> _What the task requires_
Output each record below exactly as it stands, leaving out the pictures.

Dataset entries
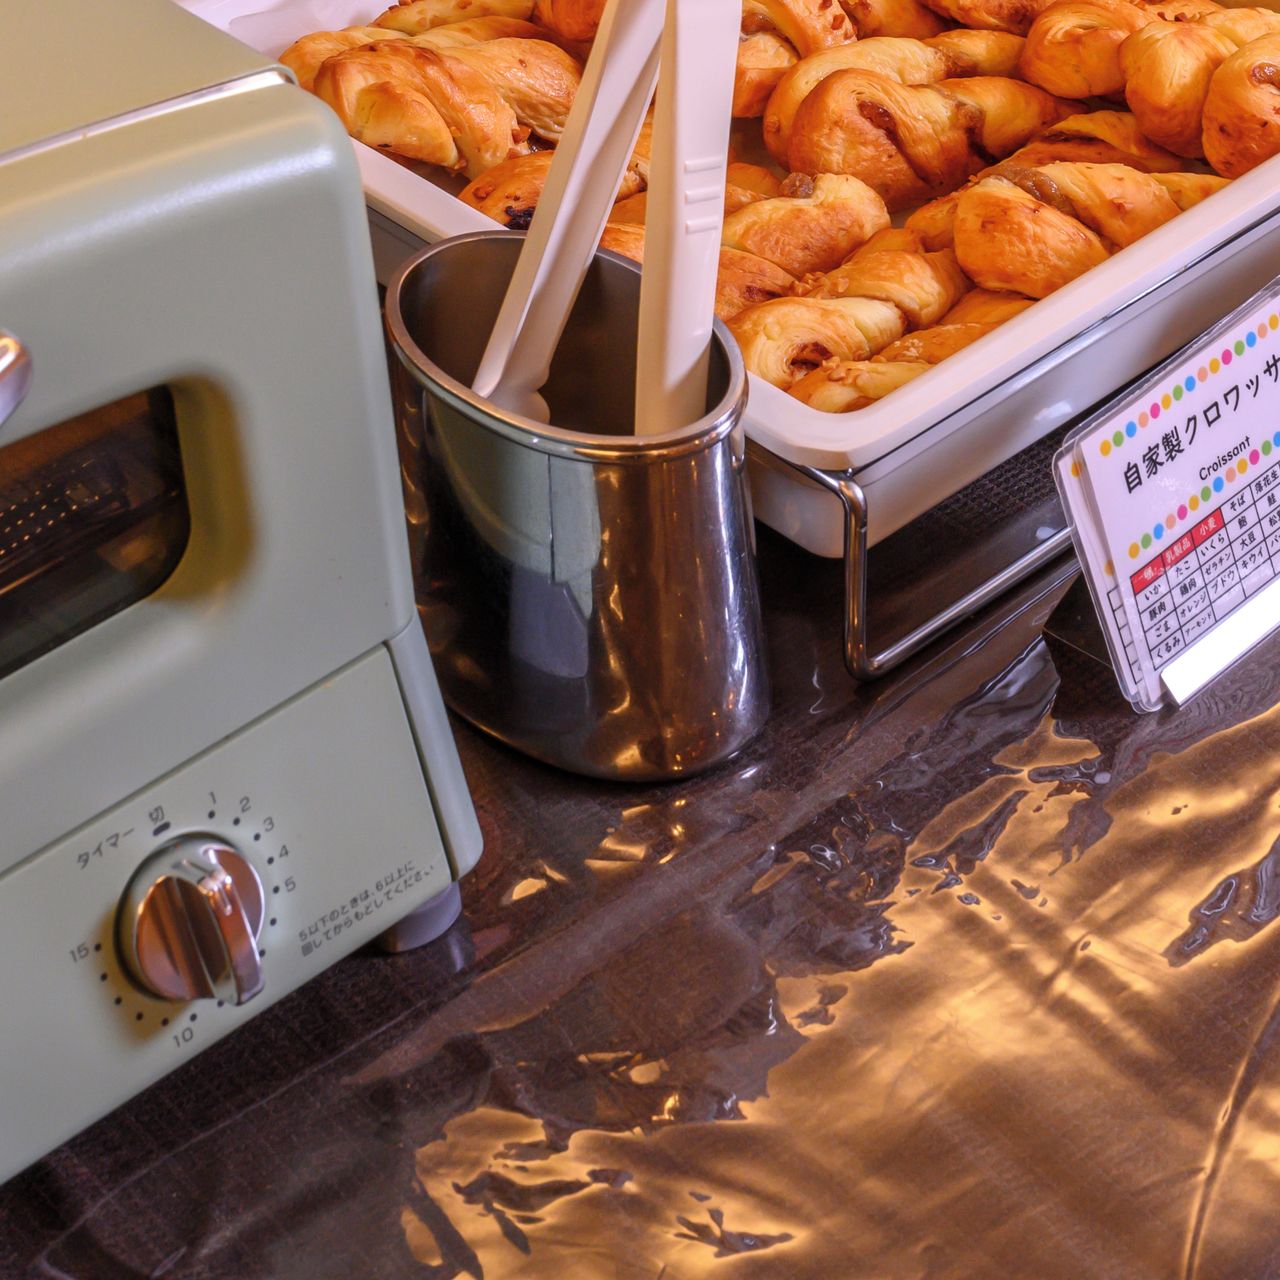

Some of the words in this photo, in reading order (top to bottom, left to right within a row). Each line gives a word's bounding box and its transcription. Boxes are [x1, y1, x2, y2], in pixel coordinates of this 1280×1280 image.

[1199, 436, 1251, 481] Croissant
[1200, 518, 1217, 536] 小麦
[1230, 494, 1245, 512] そば
[1205, 552, 1231, 576] ゼラチン
[1240, 531, 1256, 551] 大豆
[1145, 584, 1161, 601] いか
[1175, 560, 1191, 578] たこ
[1201, 534, 1225, 556] いくら
[1154, 622, 1171, 638] ごま
[1180, 592, 1206, 618] オレンジ
[1211, 570, 1235, 594] ブドウ
[1241, 547, 1265, 570] キウイ
[1157, 636, 1180, 658] くるみ
[1185, 611, 1212, 636] アーモンド
[209, 792, 217, 804] 1
[239, 796, 252, 812] 2
[148, 806, 165, 824] 切
[263, 817, 275, 833] 3
[77, 827, 135, 869] タイマー
[278, 845, 290, 859] 4
[285, 878, 297, 893] 5
[69, 944, 90, 963] 15
[173, 1027, 194, 1048] 10
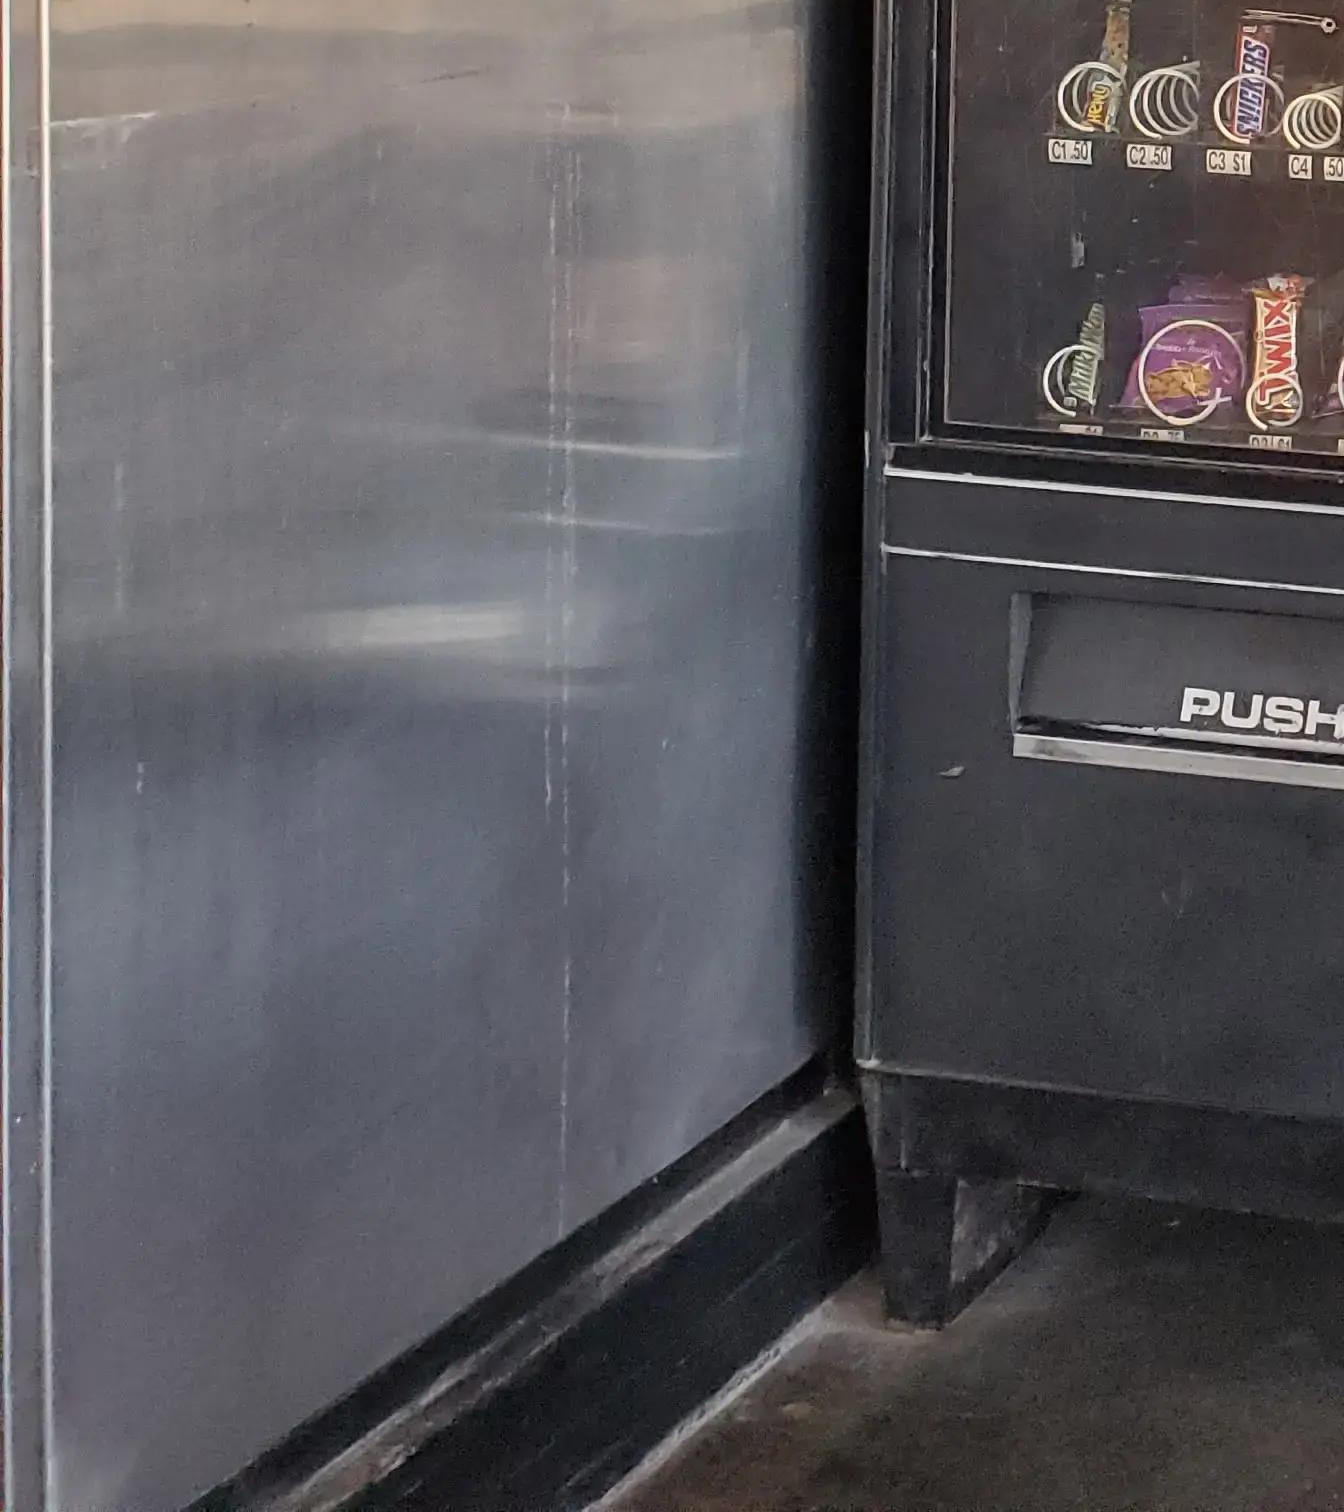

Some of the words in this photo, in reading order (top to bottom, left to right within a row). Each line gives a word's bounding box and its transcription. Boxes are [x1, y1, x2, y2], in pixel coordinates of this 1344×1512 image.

[1237, 38, 1269, 136] SNICKERS
[1051, 141, 1068, 160] C1
[1069, 141, 1089, 161] .50
[1129, 147, 1147, 165] C2
[1149, 147, 1169, 166] .50
[1208, 152, 1226, 170] C3
[1291, 157, 1308, 176] C4
[1326, 158, 1344, 177] .50
[1257, 300, 1293, 404] TWIX
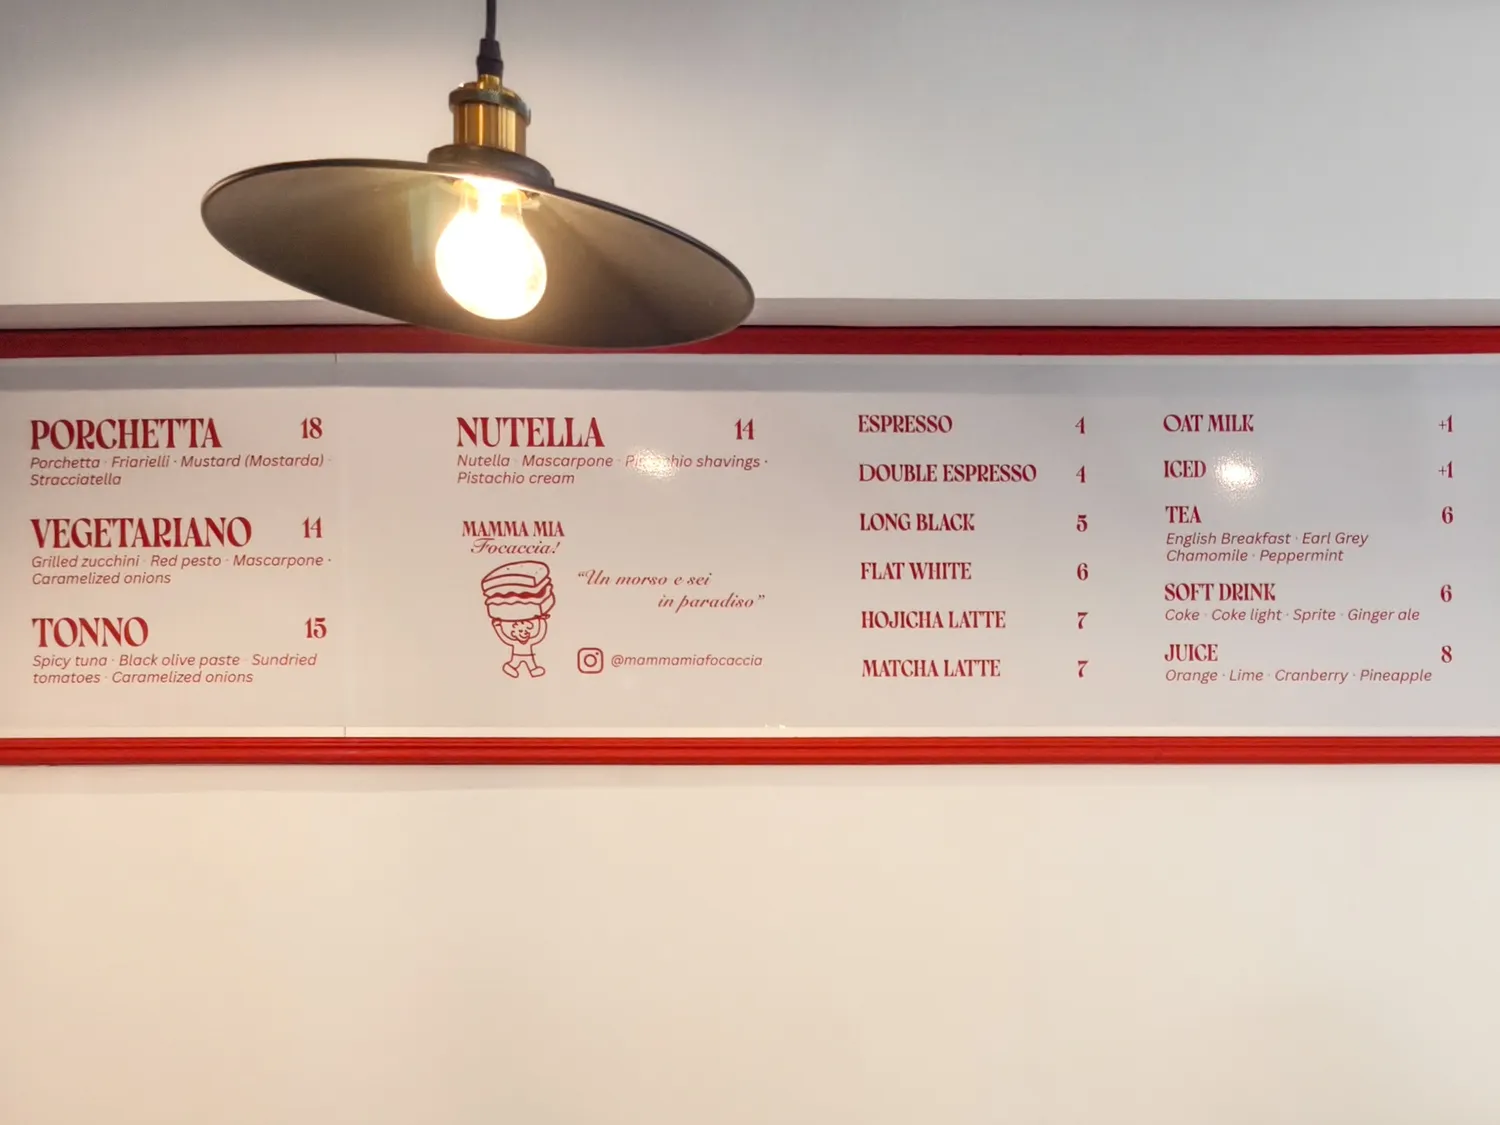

> _Answer to this exercise_
Some of the words in this photo, in reading order (top to bottom, left to right within a row). Each line gives a word's bounding box and its transcription. Boxes are [x1, y1, x2, y2], in pixel coordinates of this 1280×1280 image.

[1199, 436, 1251, 481] Croissant
[1200, 518, 1217, 536] 小麦
[1230, 494, 1245, 512] そば
[1205, 552, 1231, 576] ゼラチン
[1240, 531, 1256, 551] 大豆
[1145, 584, 1161, 601] いか
[1175, 560, 1191, 578] たこ
[1201, 534, 1225, 556] いくら
[1154, 622, 1171, 638] ごま
[1180, 592, 1206, 618] オレンジ
[1211, 570, 1235, 594] ブドウ
[1241, 547, 1265, 570] キウイ
[1157, 636, 1180, 658] くるみ
[1185, 611, 1212, 636] アーモンド
[209, 792, 217, 804] 1
[239, 796, 252, 812] 2
[148, 806, 165, 824] 切
[263, 817, 275, 833] 3
[77, 827, 135, 869] タイマー
[278, 845, 290, 859] 4
[285, 878, 297, 893] 5
[69, 944, 90, 963] 15
[173, 1027, 194, 1048] 10

Some of the words in this photo, in reading order (top to bottom, left to right within a row). Each line gives a word's bounding box and its transcription. Boxes are [x1, y1, x2, y2], in pixel coordinates of this 1344×1512 image.

[1237, 38, 1269, 136] SNICKERS
[1051, 141, 1068, 160] C1
[1069, 141, 1089, 161] .50
[1129, 147, 1147, 165] C2
[1149, 147, 1169, 166] .50
[1208, 152, 1226, 170] C3
[1291, 157, 1308, 176] C4
[1326, 158, 1344, 177] .50
[1257, 300, 1293, 404] TWIX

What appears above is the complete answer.